Last updated: March 8th, 2026

54 Comments

  1. Hi, m.c . I can completely relate to how you are feeling. I am a 20 year old who has had OCD for 4 years. I started out with religious OCD but then it included contamination OCD and the religious OCD stopped when I became agnostic and then for the last year and a half or so I’ve had POCD.

    I don’t think I’ve seen anyone my age and gender with this type of OCD yet so if you’d like to talk to me then I would be more than happy to just for some kind of support or to share what you’re experiencing because I know it is incredibly difficult.

    Dr Greene, I’m not sure if she will see this but could you potentially offer her my email address if that’s not breeching any kind of rules and if she would be interested in that?

  2. Thank you, m.c., for your comment. It’s true, thoughts like these can certainly make life feel hellish. But you’re not alone. We will reach out to you separately to make sure you’re ok.

  3. So this just started completely random for me. Im 18 and ive just finished a show where the characters were younger than I thought they were. I was attracted to on and then I saw someone saying he was 14. My brain automatically went “Thats disturbing.. maybe i can make your life a living hell with this.” And BOOM. Intrusive POCD thoughts bloomed. I didn’t know what to do.. i still dont know what to do. Cause now im I’m looking at people I would find attractive searching for proof that my thoughts are wrong and i would look at babies and kids trying to see if i felt anything. All i felt was disturbed really. It’s so annoying because I was just making a pact with my friend two weeks ago to have babies at the same time and just last month I was expressing to my mom how excited i was to be a young mom… and now i just feel like my entire life is falling apart. Im not a stranger to intrusive thoughts, I’ve had religious ones for a year and a half now so I know what this is but… I’ve never actually contemplated dying before until this. Like i dont wanna die but I dont wanna live with these thoughts either.. children don’t deserve anything that my thoughts are conjuring up. I will kill myself before i ever do something like this.

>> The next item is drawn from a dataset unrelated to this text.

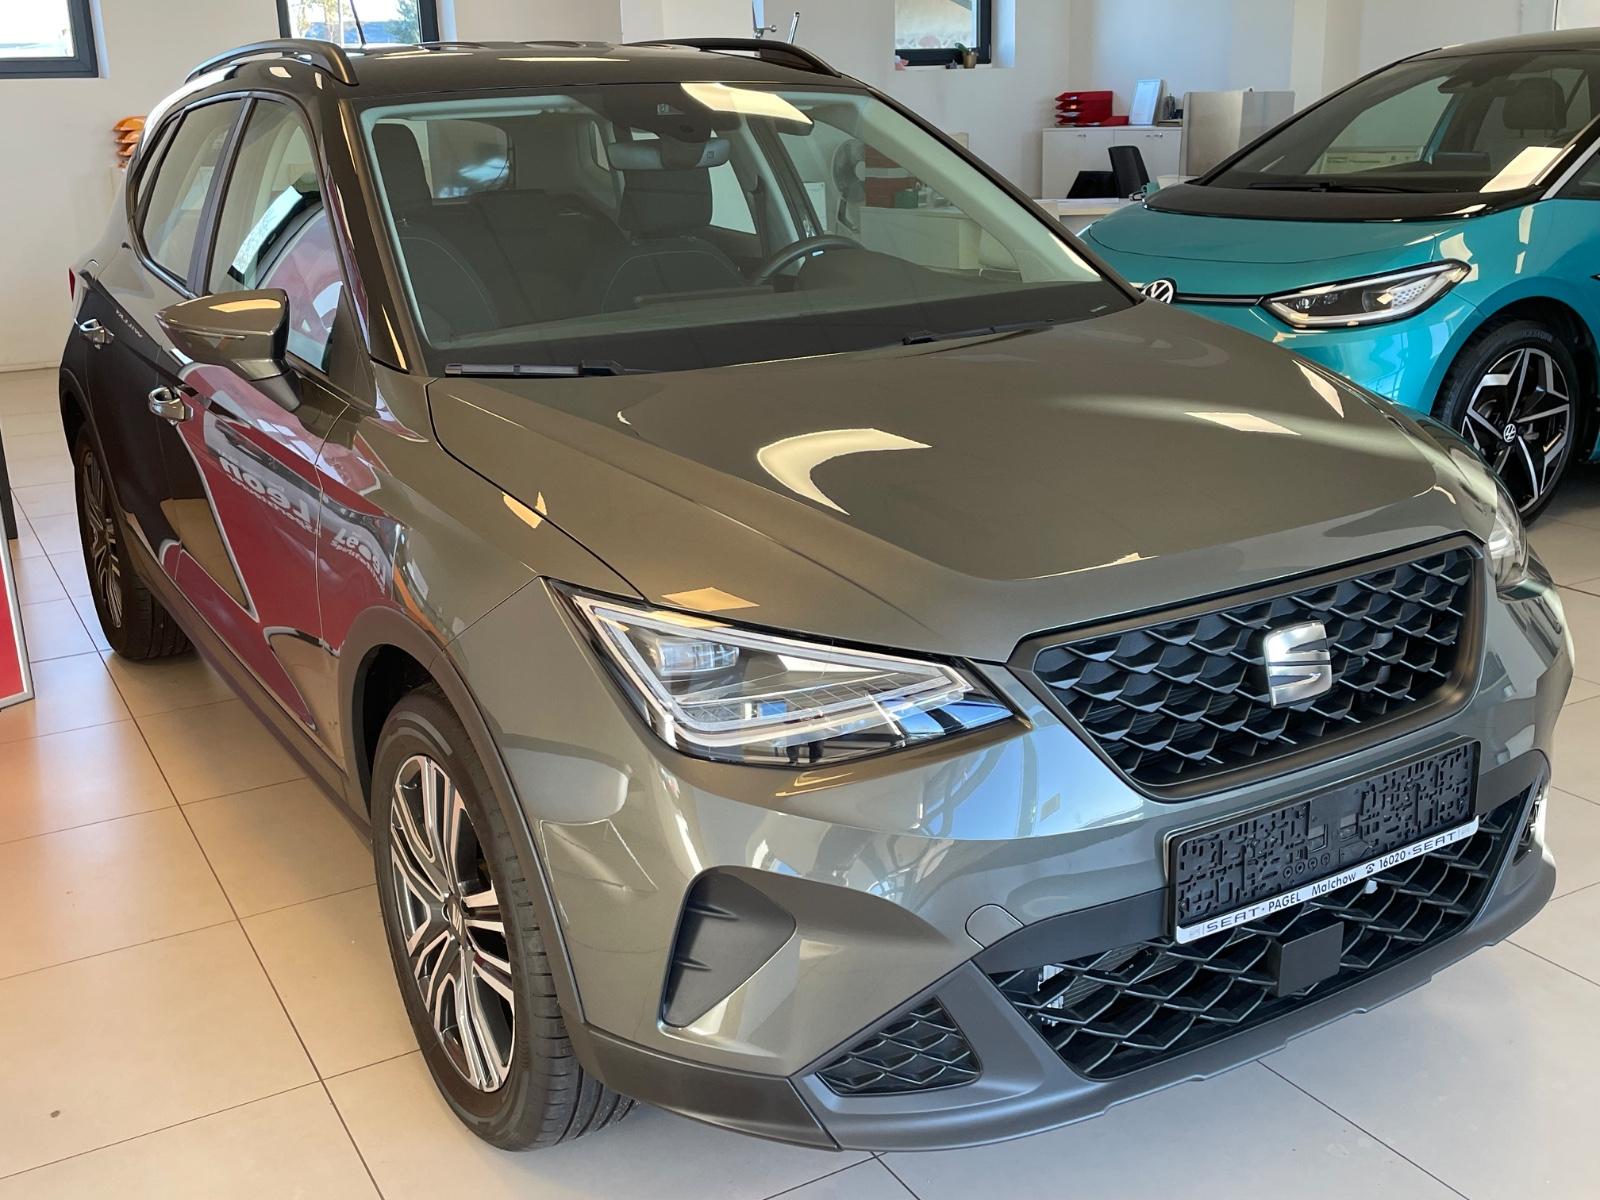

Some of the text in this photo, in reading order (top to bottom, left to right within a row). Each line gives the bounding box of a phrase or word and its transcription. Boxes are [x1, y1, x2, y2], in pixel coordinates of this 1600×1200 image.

[1207, 832, 1455, 932] SEAT PAGEL Malchow 16020 SEAT

    Im gonna try and talk to my mom about seeing my doctor and then I’m gonna talk to her about OCD and intrusive thoughts and see if she can help me out with therapy or some medicine to fix this.

    The comment section has really helped me see that im not a completely horrible person even though i feel like i am for something i have no control over. Hopefully I get the help I need and I can kiss these thoughts goodbye.

  4. I”˜m dealing with this thoughts since august and I’m always hoping that it’s “žonly“ POCD and that I’m not a pedo. I”˜m 17 and it feels like my whole life is breaking apart I always wanted children and be in a happy relationship but I could never achieve this. 3 Weeks ago it started that I got the same thoughts about our dog and it makes me so sad I want my life back but in my area are 2 therapist and I can’t go there bc I’m a minor. I hope we will be better soon stay safe !

  5. Seeing this article and reading these comments have really helped me. I suffer with this, and it SUCKS! I go days feeling so down on myself, even though I know they are just thoughts. But getting rid of the thoughts is the hardest part. I haven’t talked to anybody about it yet (a doctor or therapist) only a few of my family members because sitting around and letting it linger is the worst feeling. Reading this article and seeing the comments have helped me in realizing that I need to get help with this, I need to speak up to someone and get the help I need. I’m not the only one. I’ve never been the only one. We are good people that OCD had decided to visit, and the visit has been too long! Thank you all for helping me for even though it wasn’t your intention!